Image-backed grounding data

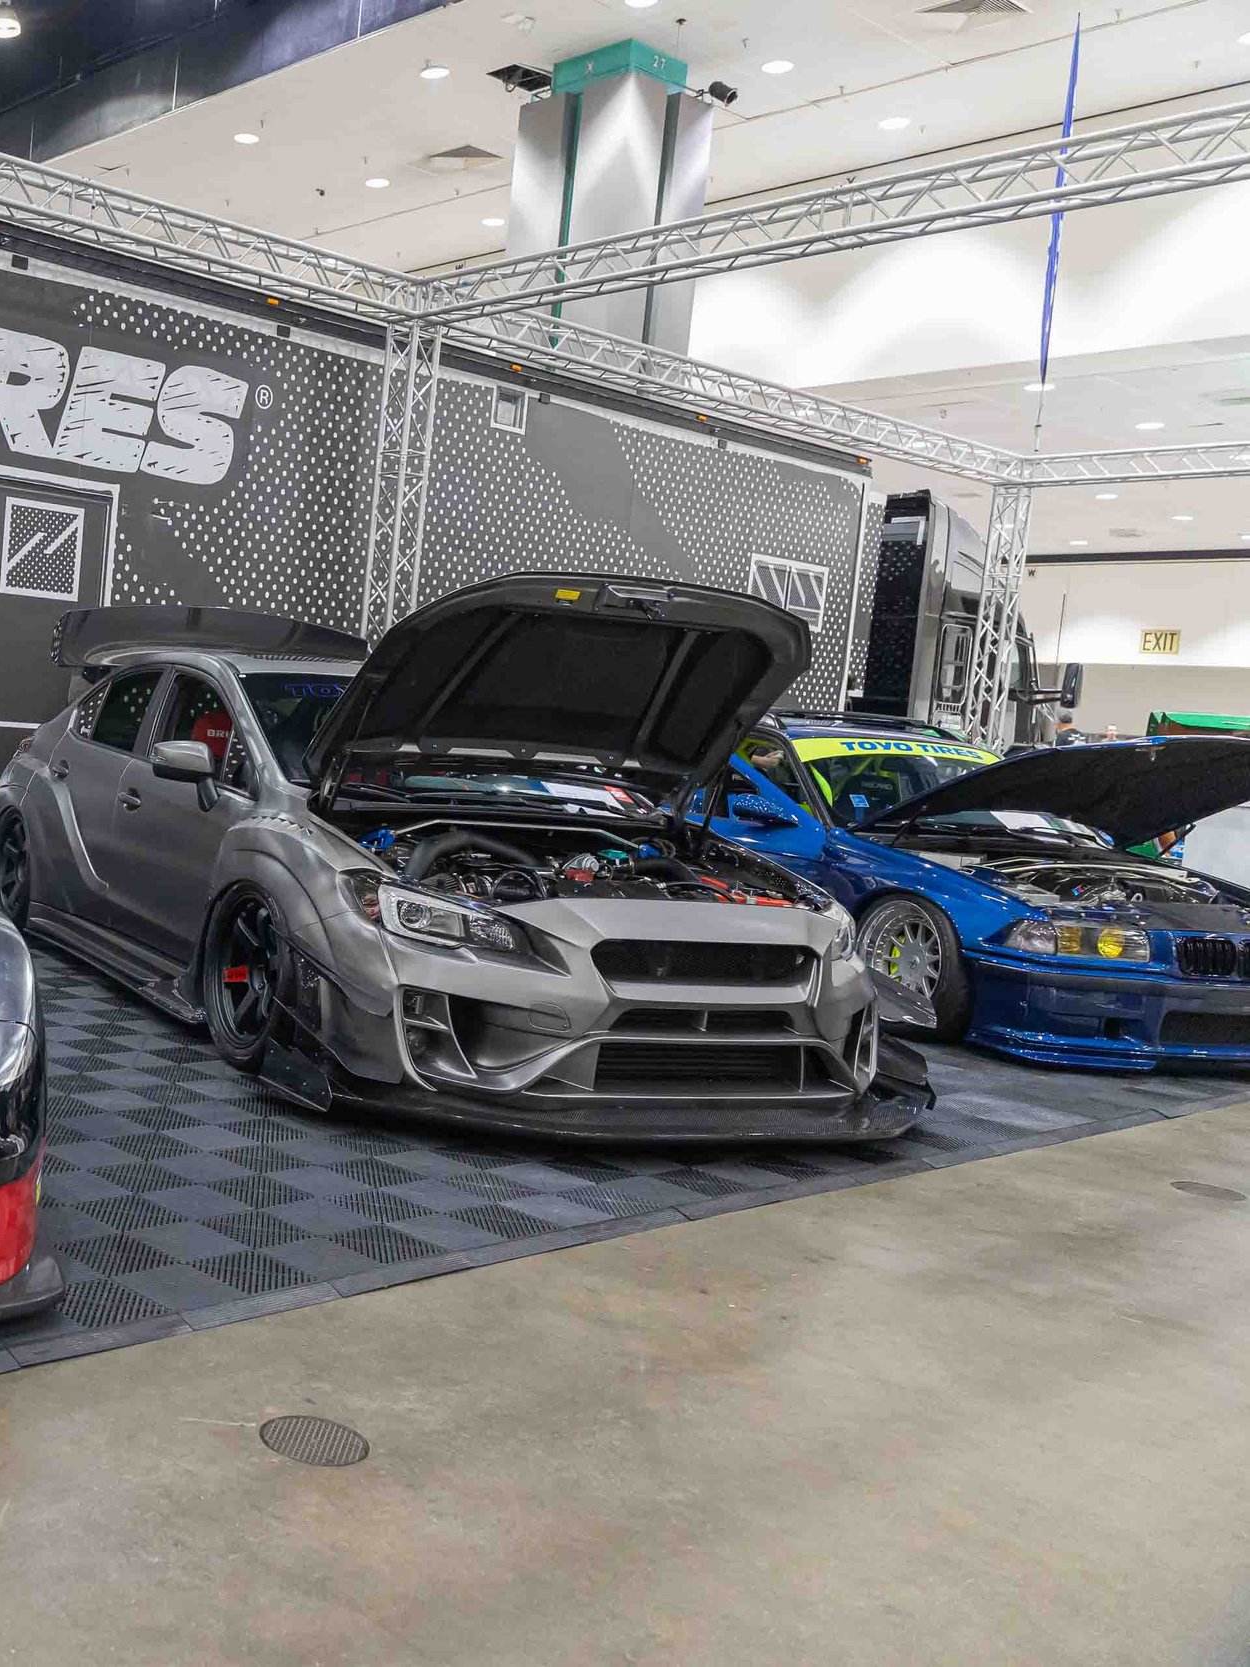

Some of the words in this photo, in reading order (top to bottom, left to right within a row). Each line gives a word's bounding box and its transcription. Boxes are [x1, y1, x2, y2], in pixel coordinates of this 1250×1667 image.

[653, 55, 666, 70] 27
[1028, 569, 1036, 577] W
[1142, 632, 1177, 651] EXIT
[207, 729, 229, 738] BRI
[840, 740, 913, 751] TOYO
[917, 743, 984, 760] TIRES
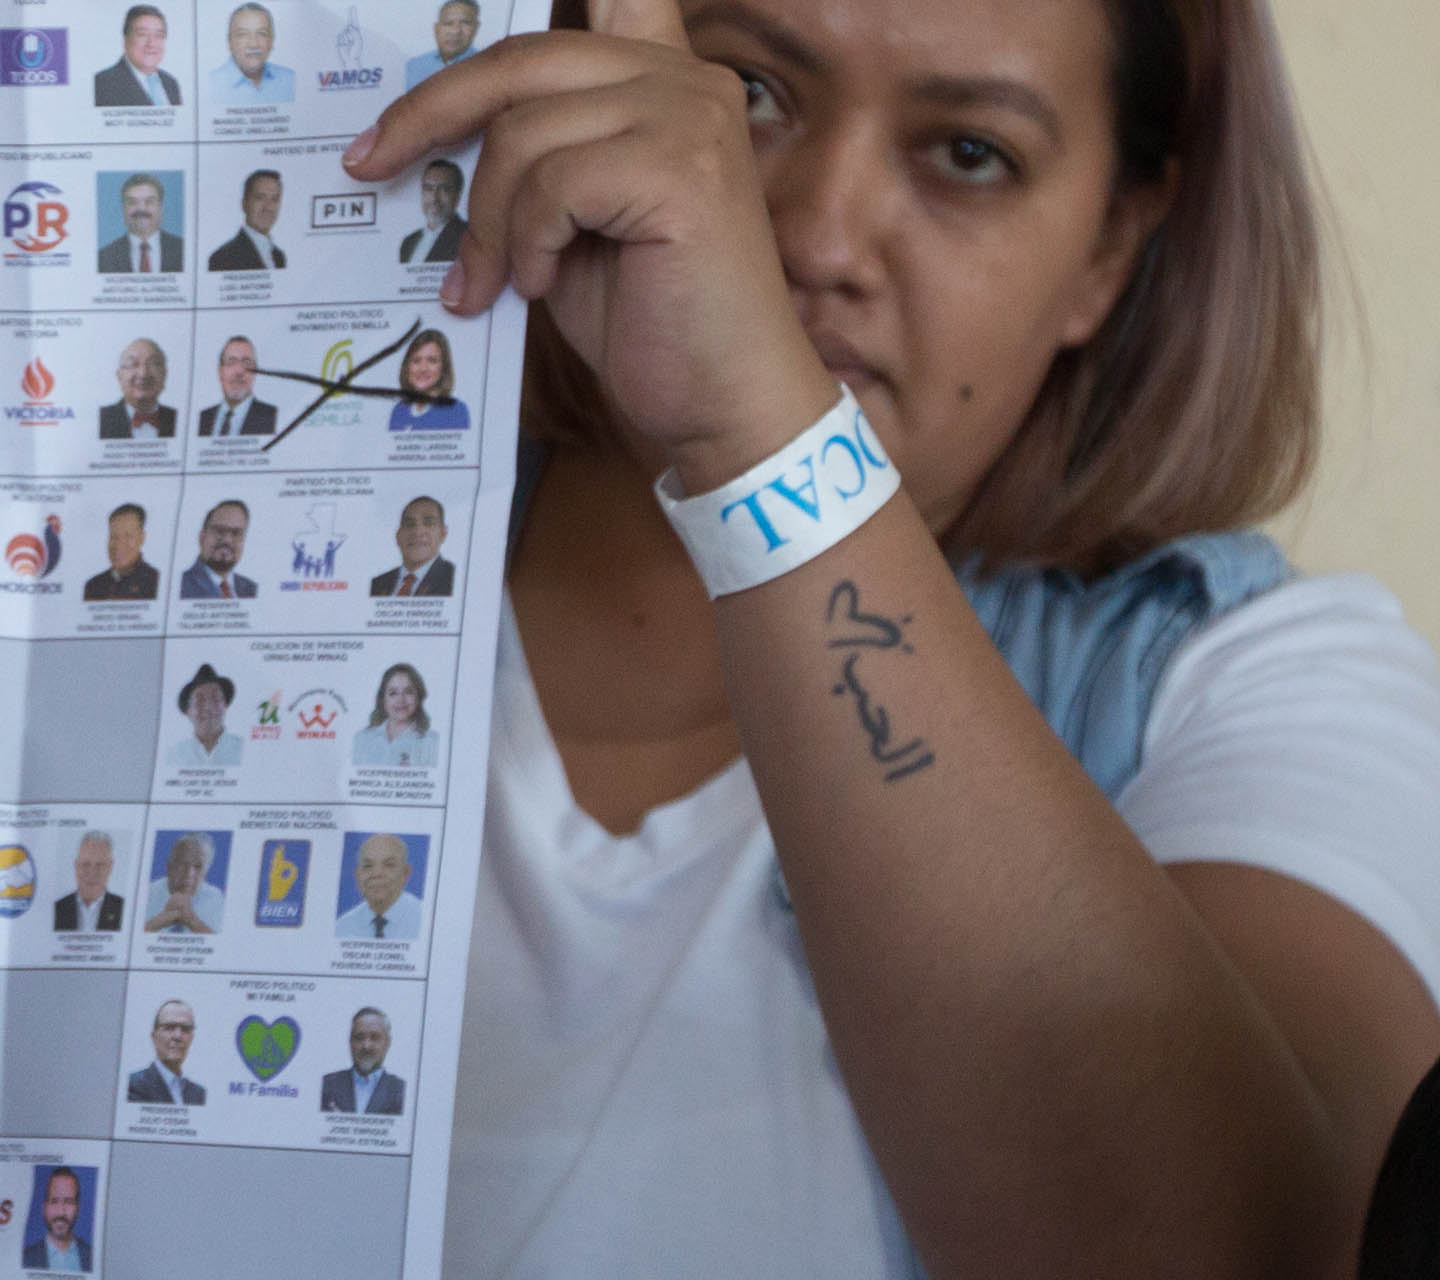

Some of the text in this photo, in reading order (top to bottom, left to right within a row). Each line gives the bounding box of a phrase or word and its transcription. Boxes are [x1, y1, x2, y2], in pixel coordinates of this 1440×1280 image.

What needs to be done
Every line above goes into the copy unchanged; the pictures do not.

Solution for this exercise
Some of the words in this photo, in reading order (top to bottom, left to right within a row). Each line gives a word's bounding box and its transcription. Boxes are [x1, y1, x2, y2], in pixel coordinates of this 1250×1667 image.

[653, 55, 666, 70] 27
[1028, 569, 1036, 577] W
[1142, 632, 1177, 651] EXIT
[207, 729, 229, 738] BRI
[840, 740, 913, 751] TOYO
[917, 743, 984, 760] TIRES

Some of the text in this photo, in reading order (top to bottom, left to right within a row). Each line gives the bounding box of a phrase or word and its transcription. Boxes are [x1, y1, x2, y2], in pixel coordinates of this 1440×1280 image.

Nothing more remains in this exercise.